CAFTA and the Scourge of Sweatshops

Increased trade is the best way to eradicate poverty, so-called free trade advocates say, because exports are the key to sustained economic growth. But in reality, “free trade” agreements that are supposed to increase the global standard of living actually undermine it – through lowering workers’ wages, eroding workers’ rights, increasing unemployment, and creating a global ‘race to the bottom’ that pits workers against each other instead of promoting global worker solidarity.

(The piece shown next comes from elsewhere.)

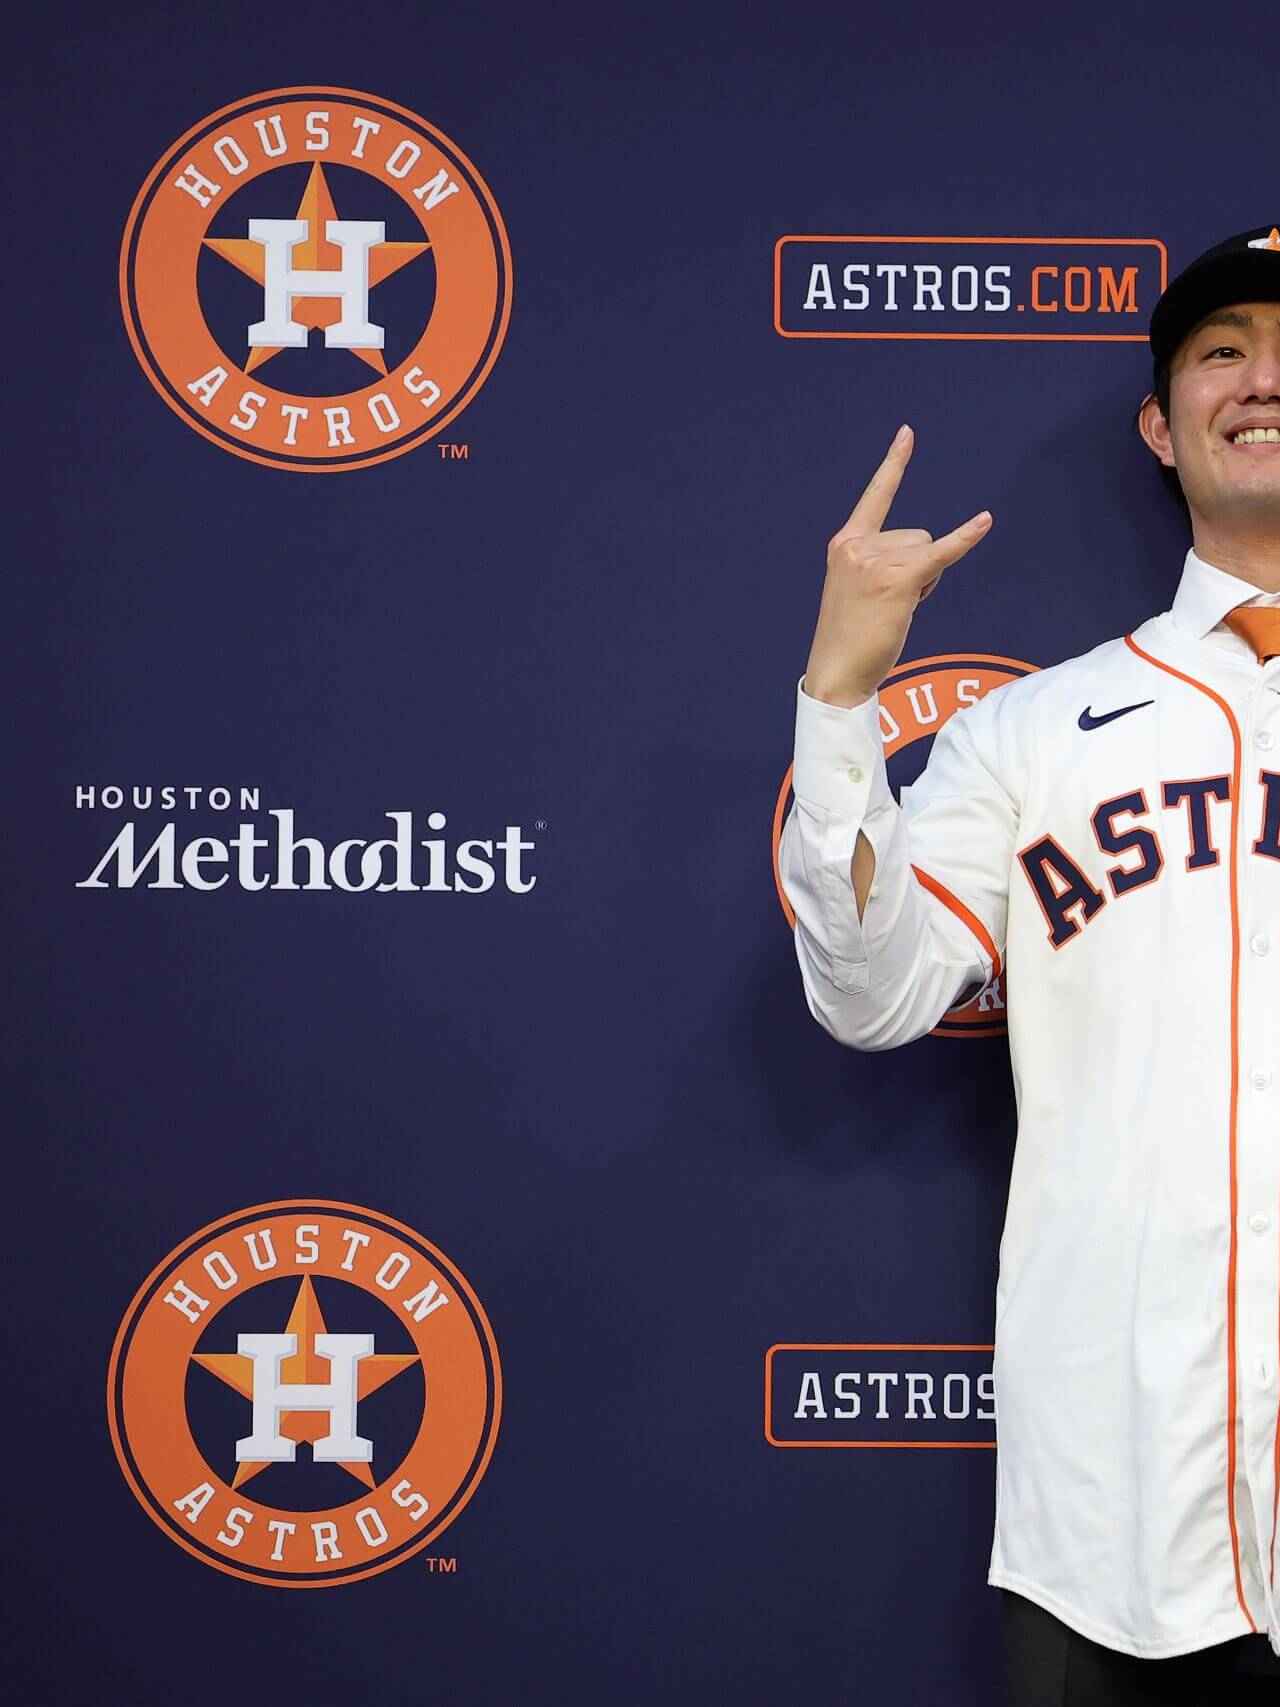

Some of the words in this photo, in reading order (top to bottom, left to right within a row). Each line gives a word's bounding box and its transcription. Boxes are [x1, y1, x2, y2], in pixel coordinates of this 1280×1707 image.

Proponents of a new ‘free trade’ agreement with Central America are once again claiming that this pact will help workers. The reality, however, is that if the U.S.-Dominican Republic-Central American Free Trade Agreement (CAFTA) is passed into law, it will transfer more power to multinational corporations at the expense of ordinary citizens and workers. While big business will win out, garment workers will be among the clear losers as CAFTA increases sweatshop-style production, and countries compete to offer potential investors lower wages and free reign over working conditions. If anything illustrates the false promises of corporate globalization and free trade agreements like CAFTA, it’s the sweatshop.

What Is a Sweatshop?

According to the group Sweatshop Watch,

“A sweatshop is a workplace that violates the law and where workers are subject to:

  • Extreme exploitation, including the absence of a living wage or long work hours,
  • Poor working conditions, such as health and safety hazards,
  • Arbitrary discipline, such as verbal or physical abuse, or
  • Fear and intimidation when they speak out, organize, or attempt to form a union.”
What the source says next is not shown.